65. Defendants' misleading statements concerning Mosbacher
have been reported in the press as a result of their efforts. Mosbacher's
arrival has been trumpeted as recently as June 16, 1997. An article that
appeared in Barron's on that date falsely states "Georgette Mosbacher, head of
Mosbacher Enterprises, a New York management consultant, is to announce today
her willingness to be Chantal's boss - if the dissidents elect a new board."
66. These statements are inaccurate and mislead the
shareholders of the Company and the investing public into believing the
Defendant Group has an alternative to current management when in fact they do
not.
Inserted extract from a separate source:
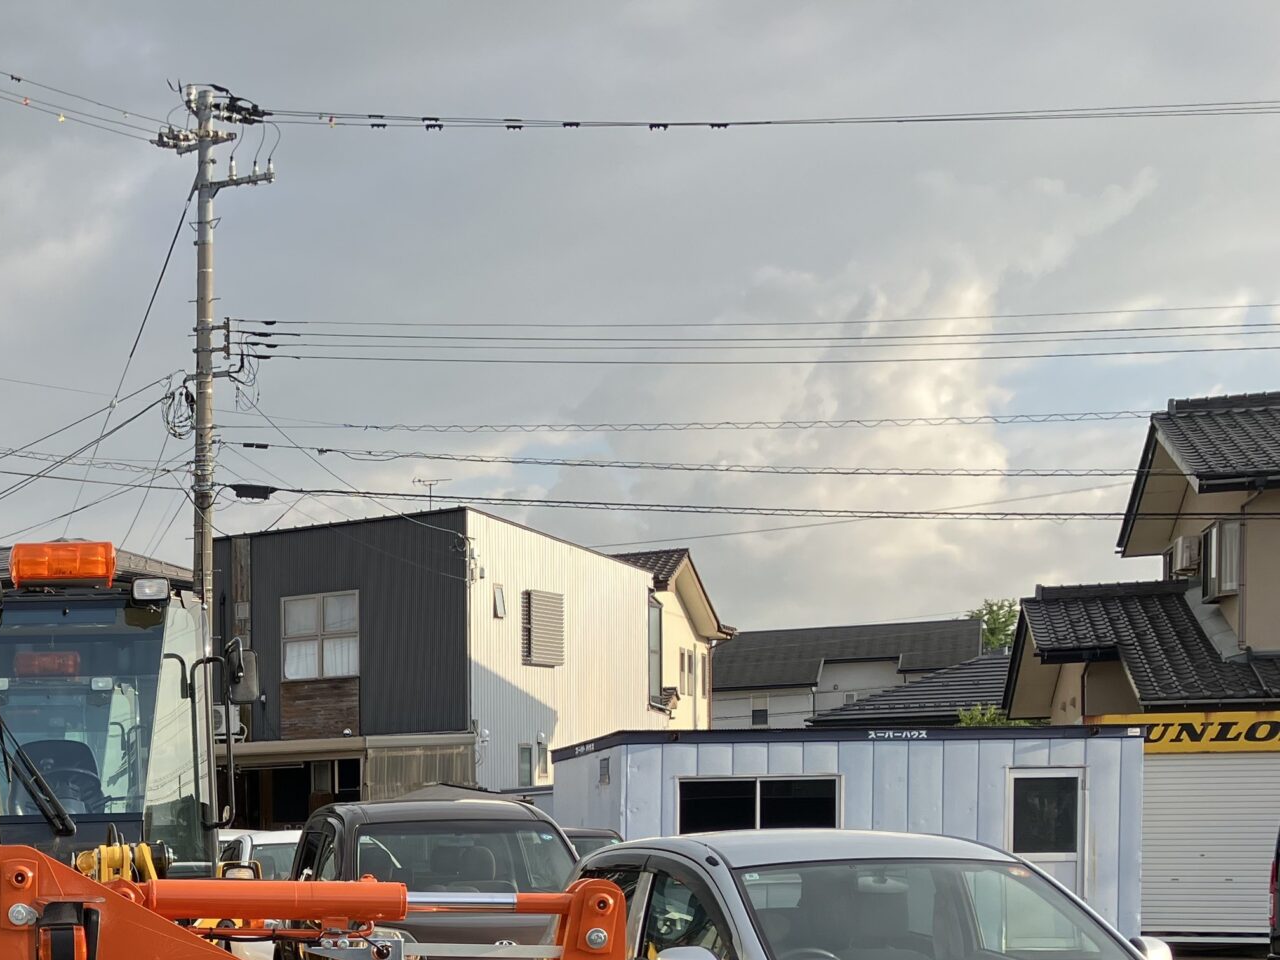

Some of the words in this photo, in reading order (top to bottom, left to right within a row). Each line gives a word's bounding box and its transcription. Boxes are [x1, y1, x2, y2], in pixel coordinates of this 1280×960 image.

[867, 730, 928, 739] スーパーハウス
[1147, 720, 1280, 744] UNLO
No mention is made in the Schedule 13D Statement, or the press reports
defendants have caused, of Mosbacher's refusal to become CEO of the Company if
her involvement is part of an acrimonious fight between the company's
shareholders.
Defendants Have Failed To Identify In Their
13D All Members Of The Defendant's Group
- ----------------------------------------
67. Pursuant to Section 13(d) of the 1934 Act, and the
regulations promulgated thereunder, the Defendant Group is obligated to disclose
the identity of all members of their "group" as that term is defined in Section
13(d)(3) of the 1934 Act. In addition, as to each such member, defendants are
obligated to supply the information specified in Section 13(d) of the 1934 Act
and Regulation 240.13d-101 promulgated thereunder.
-21-
<PAGE>
68. In violation of their obligations, the Defendant Group has
failed to identify the members of their "group" as that term is defined in
Section 13(d)(3) identified in the caption as John Does 1 to 100.
69. Defendant Lamont Asset is in fact a member of that group,
having taken steps, in concert therewith, and at their behest.
70. The Defendant Group has admitted that there are additional
members of their "group" in the Schedule 13D Statement at issue. There
defendants state:
The Reporting Persons have had discussions with or are aware
of other shareholders of the Company who have expressed their
support for the Reporting Persons and their objectives of
increasing shareholder value, but who prefer not to join with
the Reporting Persons in making this filing.
71. By failing to disclose the identity and other required
information concerning John Does 1 to 100, the Defendant Group, and John Does 1
to 100, have violated Section 13(d) of the 1934 Act, and the rules and
regulations promulgated thereunder.
72. The above-stated misrepresentations and omissions of facts
and circumstances are material to any evaluation by the Company shareholders and
members of the investing public with respect to their investment decisions
concerning the retention, sale or purchase of the Company stock, or their
decision on how to vote the same at the upcoming Annual Meeting of the Company.
-22-
<PAGE>
73. By virtue of the foregoing, the defendants have violated
and are continuing to violate Section 13(D) of the Exchange Act and the rules
and regulations promulgated thereunder.
74. Plaintiff has no adequate remedy at law.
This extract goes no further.